Unless otherwise stated, the permission required for the repetition for credit of specially designated courses is that of the student's concentration or B.G.S. adviser.

203. Periods in American Culture. Amer. Cult. 201 or permission of instructor. (3). (HU). May be repeated for credit with permission of concentration adviser.

Section 001 ANTEBELLUM U.S. CULTURE: THE EMERGENCE OF A PLURALISTIC SOCIETY. The years leading up to the Civil War produced a revolution in American social arrangements. The development of urban centers, changes in the organization of the economy, new definitions of political responsibilities, shifting expectations of social duties, and unique artistic expressions altered how Americans perceived their social roles and led to changes which have reverberated to our own time. Through an examination of recent historical works concerning the period, popular literature of the era, the writings of major literary figures such as Nathaniel Hawthorne, Ralph Waldo Emerson, Henry David Thoreau, Harriet Beecher Stowe, and Herman Melville, and a brief consideration of visual art of the period, we will seek to comprehend the social, intellectual, and artistic resources upon which early Americans drew in their efforts to forge a coherent set of social relations out of the maelstrom of early industrialization. We will pay particular attention to the newly self-conscious middle classes which emerged during the period, and we will also closely examine the responses of the working classes, both white and non-white and both male and female. Our inquiry should reveal how these groups responded to, and contributed to, the rapid transformations of antebellum U.S. society. Such an examination should allow us to see more clearly the legacy of the antebellum period while it also illuminates the cohesive and disruptive forces at work in contemporary U.S. culture. The course will consist of both lectures and discussion. Grades will be based on one classroom presentation, two short (4-5 page) papers, and a final exam. (Genser)

Section 002 POLITICAL CULTURE IN THE UNITED STATES, 1860-1900. A nation's political life provides a reflection of the ideas, principles, beliefs, and goals which bind citizens together and determine their relationship to one another. This course will examine political life in the United States between 1860 and 1900 in order to discover what Americans thought about the proper constitution of republican government, the proper organization and direction of society, and the nature and meaning of citizenship, justice, freedom, and equality. Most of the reading in the course will consist of novels, articles, and speeches by important figures from the period, dealing with such issues as Reconstruction, political corruption, women's suffrage, populism, racism, and immigration. Morton Keller's AFFAIRS OF STATE will serve to provide historical background and context for the other readings. Students will be examined at midterm and at the end of the term, and they will write two papers on assigned topics, one of 2-3 pages and one of 8-10 pages. One class meeting per week will be devoted to a lecture providing background for the assigned readings, and the other will be a discussion period in which active participation is mandatory. Since this course is meant to be a compliment to American Culture 201, experience in that course, or in History 160 or 161 is strongly recommended. (Bernard)

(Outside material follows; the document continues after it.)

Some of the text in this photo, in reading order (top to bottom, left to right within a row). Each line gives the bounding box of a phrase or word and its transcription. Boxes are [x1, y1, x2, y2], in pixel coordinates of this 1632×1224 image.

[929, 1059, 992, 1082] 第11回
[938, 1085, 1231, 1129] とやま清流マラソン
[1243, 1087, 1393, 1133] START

Section 003 POPULAR MASS CULTURE IN AMERICA: 1940 TO THE PRESENT. This critical course will examine, first the shifting theoretical debate since 1940 over what is popular/mass culture and the changing implications associated with this debate. Second, certain areas in popular culture (e.g., popular music, film, photography, sports, popular anthropology) will be studied and one will be selected by the students on which a theoretical paper will be focused. No special background is needed, just a driving desire to understand this unique view of American culture. Evaluations will be based on a midterm, final exam, and a large (12-15 page) final paper. Texts will include a course pack, one contemporary history text, and POPULUXE by Thomas Hine and HIGH CULTURE, POPULAR CULTURE by Herbert Gans. (Shea)

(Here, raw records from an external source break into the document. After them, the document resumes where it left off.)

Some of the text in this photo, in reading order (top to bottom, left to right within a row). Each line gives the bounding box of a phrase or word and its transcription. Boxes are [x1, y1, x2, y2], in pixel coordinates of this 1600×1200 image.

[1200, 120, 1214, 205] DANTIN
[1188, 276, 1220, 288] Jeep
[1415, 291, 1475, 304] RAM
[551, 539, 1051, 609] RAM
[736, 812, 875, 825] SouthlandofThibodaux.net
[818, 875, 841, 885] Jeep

210. Topics in Ethnic Studies. (3). (SS). May be repeated for credit with permission.

Section 001 THE ASIAN AMERICAN EXPERIENCE: TOPICS IN ASIAN AMERICAN HISTORY. This course will deal with the history of Asians in America, focusing on the immigration patterns of Chinese, Japanese, Korean, Filipino, and recent South and Southeast Asians to America. We will examine the major issues and events in Asian American history, with an eye on current affairs and future prospects. These issues and events will be explored within the context of Asian and American history, and with a critical approach to the scholarship in the field. Aside from immigration patterns, we will also pay special attention to Asian American literature, identity and stereotypes, anti-Asian legislation and violence, Asian-American women, and the Japanese American internment camp experience. For details, contact Scott Wong. (Wong)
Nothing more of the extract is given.